_Exercise brief_. If any record holds an image, omit the image and print the rest exactly.

_Dataset records_.

::::

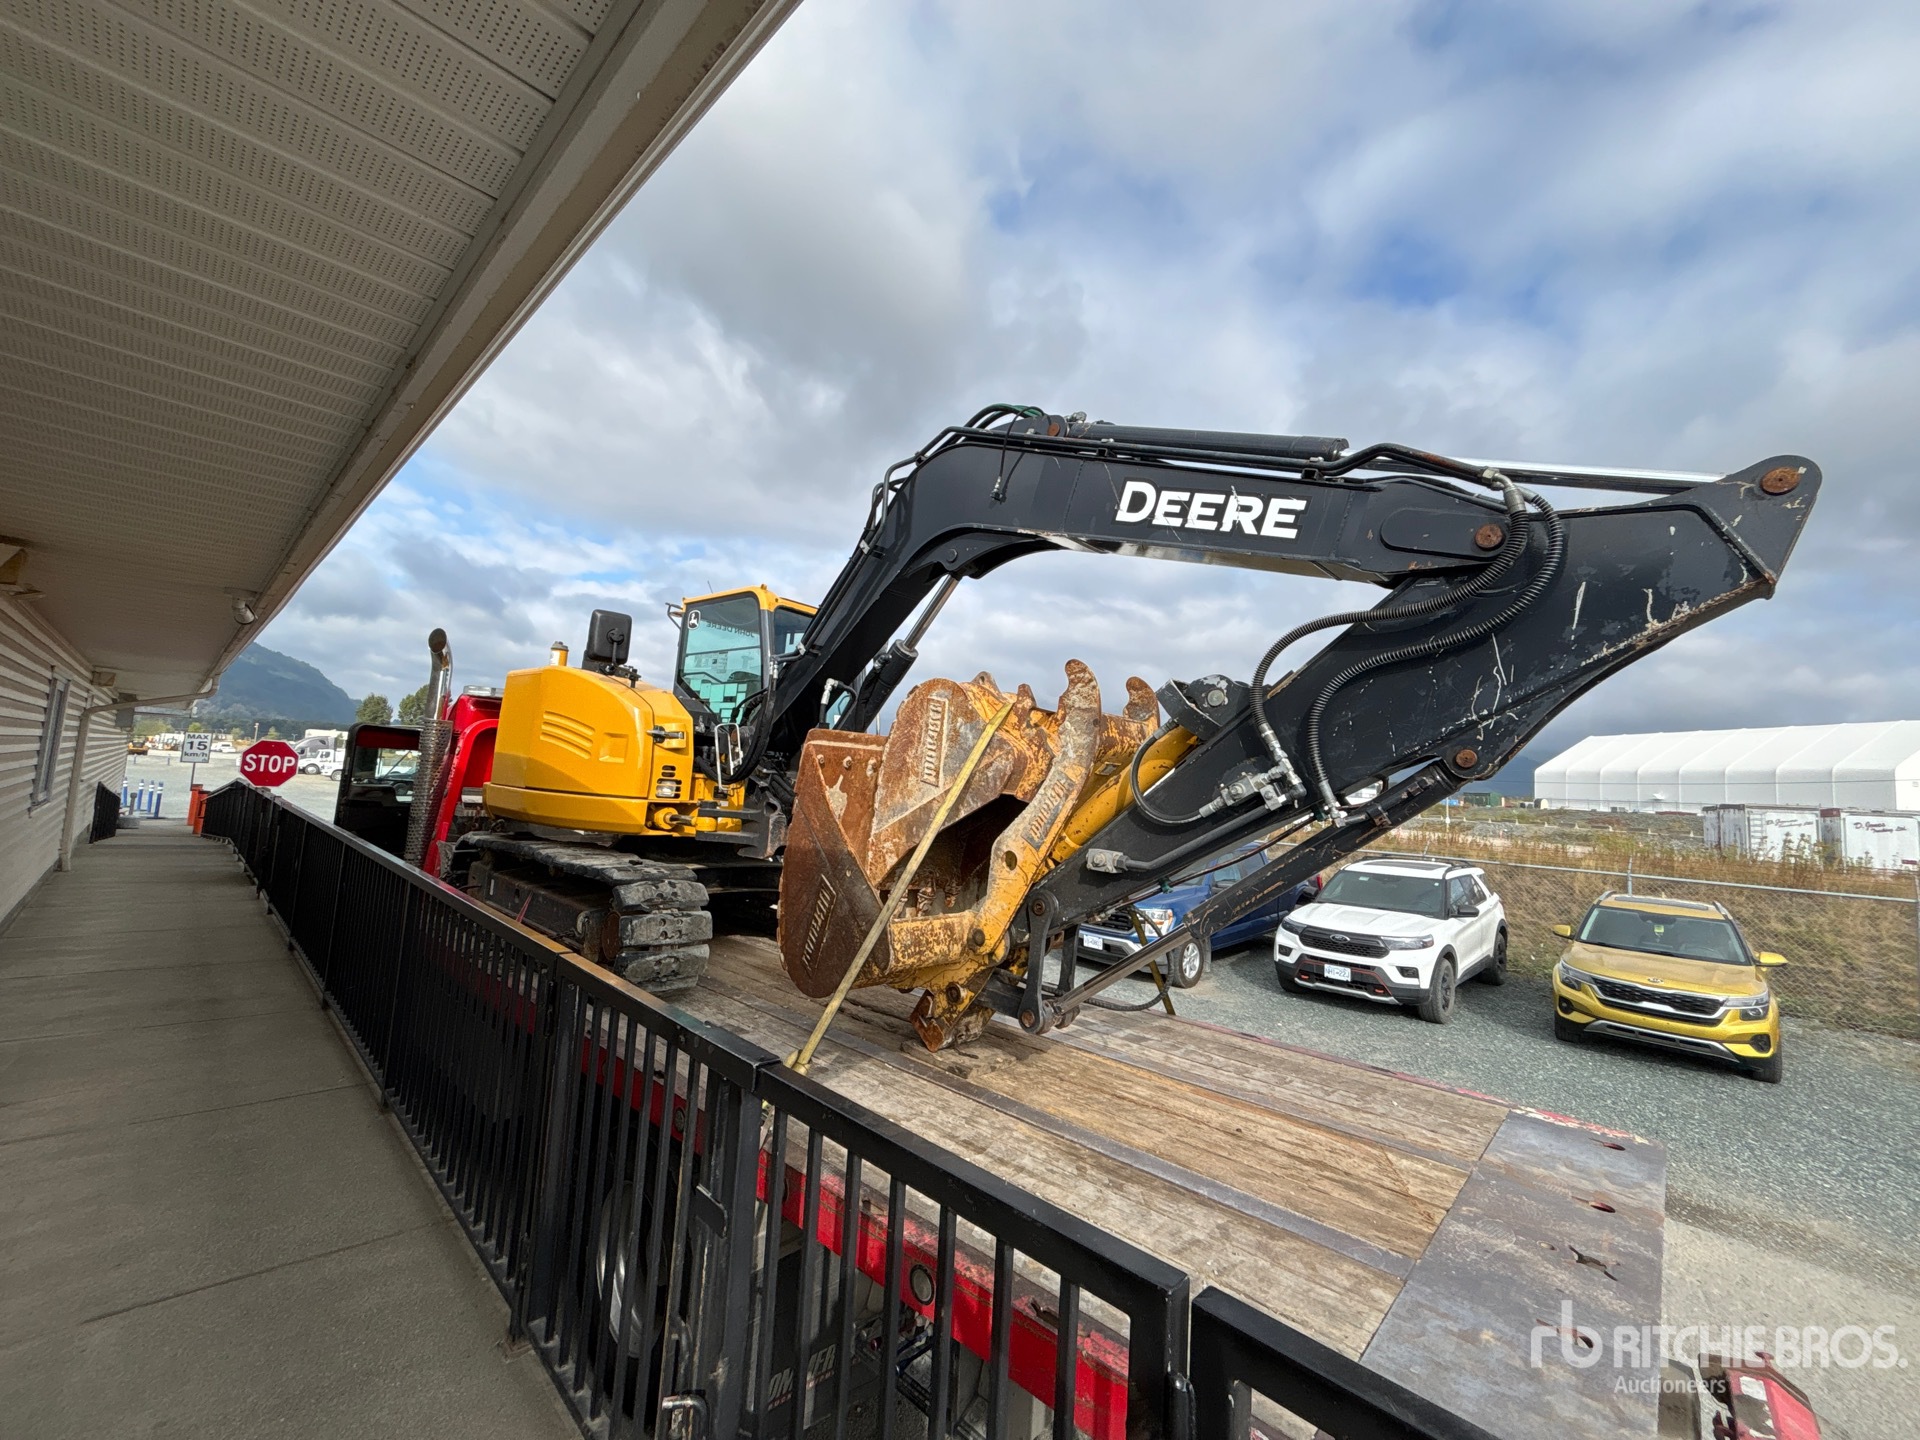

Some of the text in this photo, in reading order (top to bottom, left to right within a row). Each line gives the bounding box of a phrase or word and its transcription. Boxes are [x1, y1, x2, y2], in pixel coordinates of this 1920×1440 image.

[1115, 480, 1307, 539] DEERE
[186, 740, 208, 751] 15
[243, 753, 296, 773] STOP
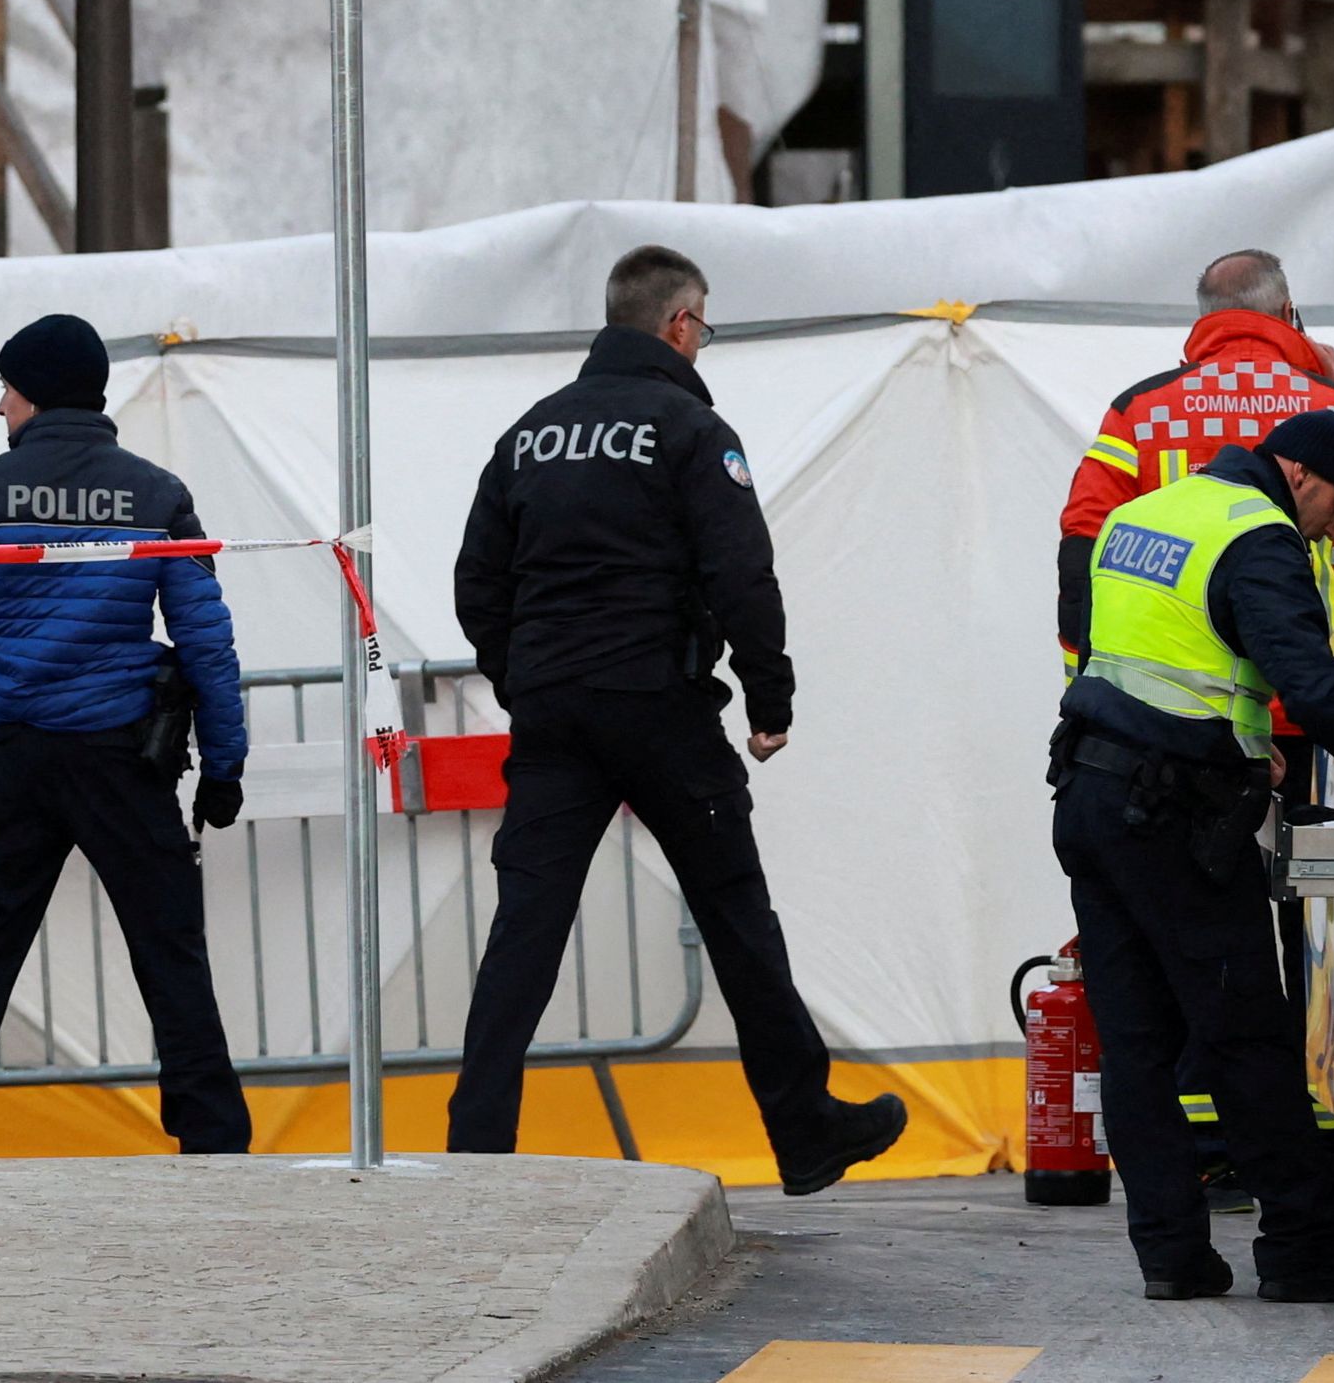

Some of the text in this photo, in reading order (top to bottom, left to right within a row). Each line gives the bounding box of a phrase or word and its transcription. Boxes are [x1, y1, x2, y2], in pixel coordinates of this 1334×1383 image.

[1184, 394, 1311, 414] COMMANDANT
[513, 421, 657, 471] POLICE
[7, 484, 134, 522] POLICE
[1101, 528, 1186, 581] POLICE
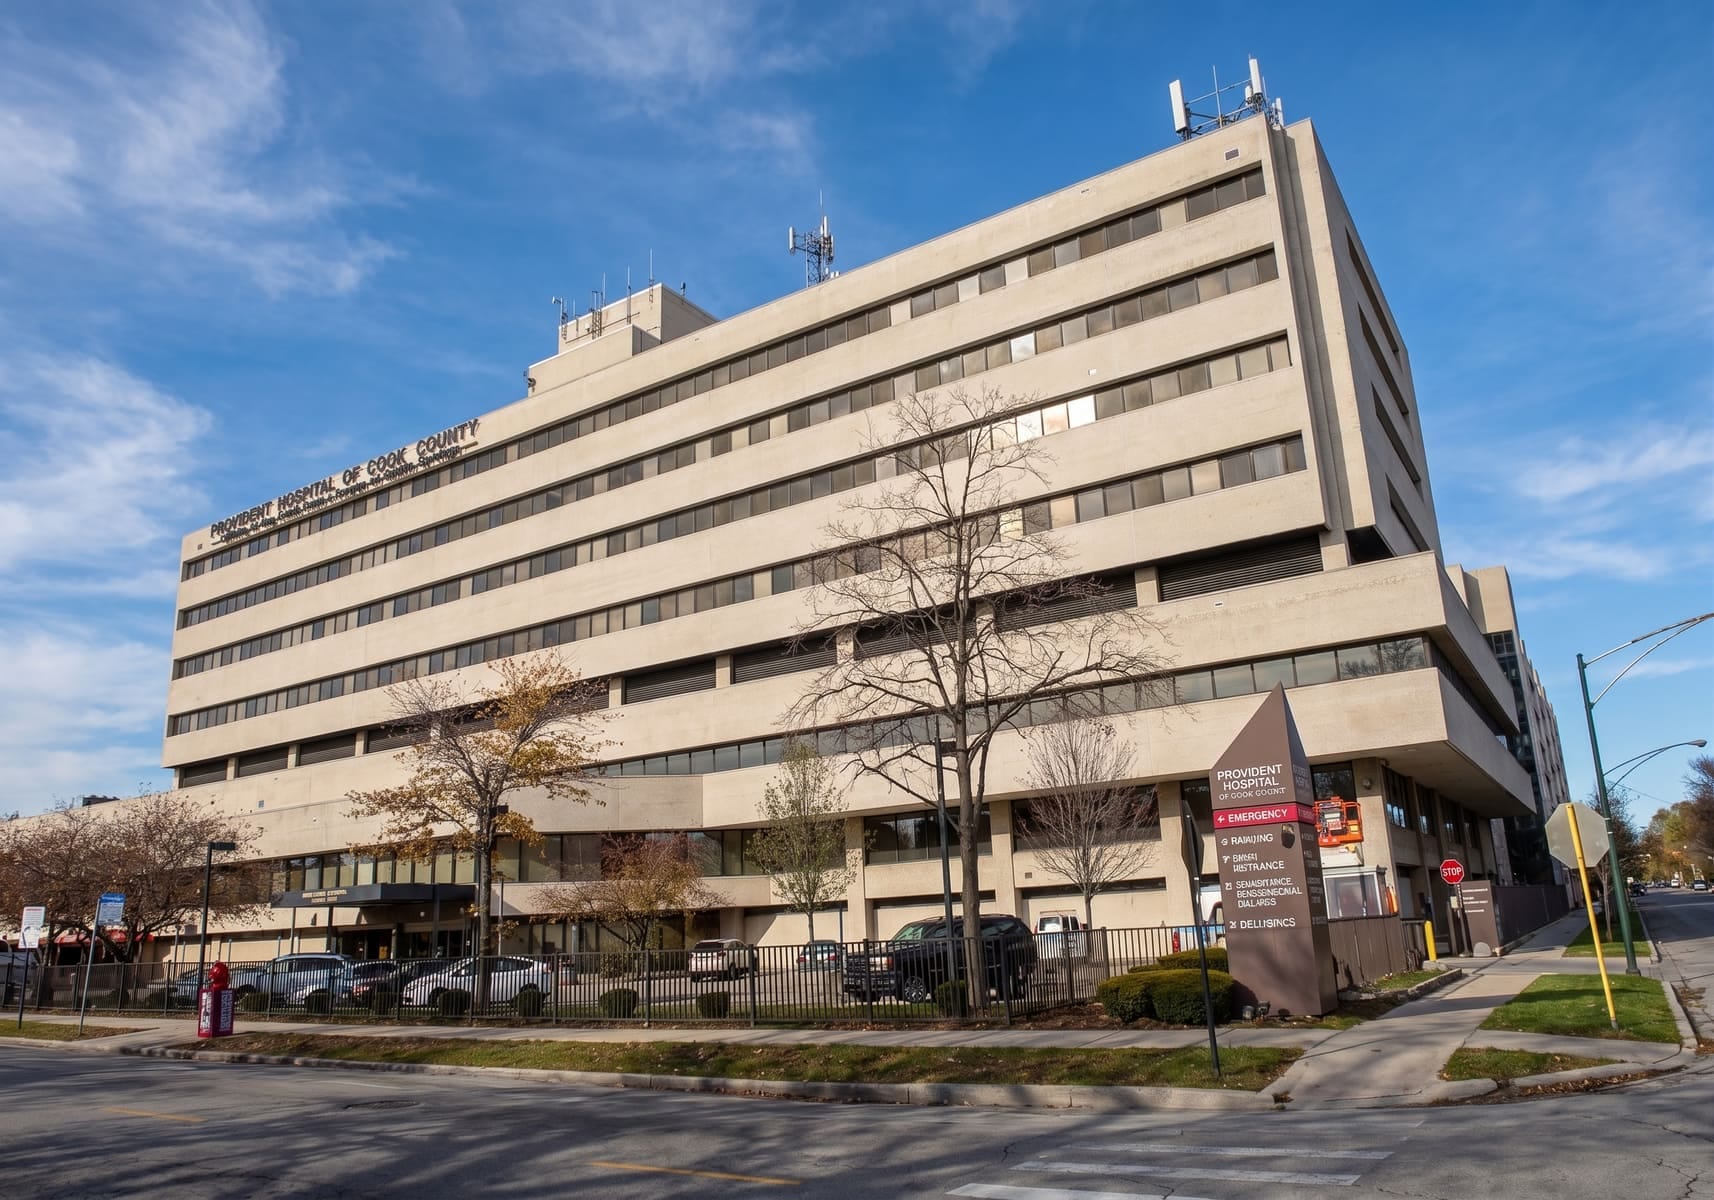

::::

_Problem solution_.
Some of the text in this photo, in reading order (top to bottom, left to right within a row). Each line gives the bounding box of a phrase or word and its transcription. Boxes are [x1, y1, x2, y2], in pixel coordinates of this 1920×1440 image.

[1115, 480, 1307, 539] DEERE
[186, 740, 208, 751] 15
[243, 753, 296, 773] STOP

Some of the text in this photo, in reading order (top to bottom, left to right within a row). Each line gives the bounding box of a phrase or word and its transcription. Boxes are [x1, y1, x2, y2], in pixel coordinates of this 1334×1383 image.

[1184, 394, 1311, 414] COMMANDANT
[513, 421, 657, 471] POLICE
[7, 484, 134, 522] POLICE
[1101, 528, 1186, 581] POLICE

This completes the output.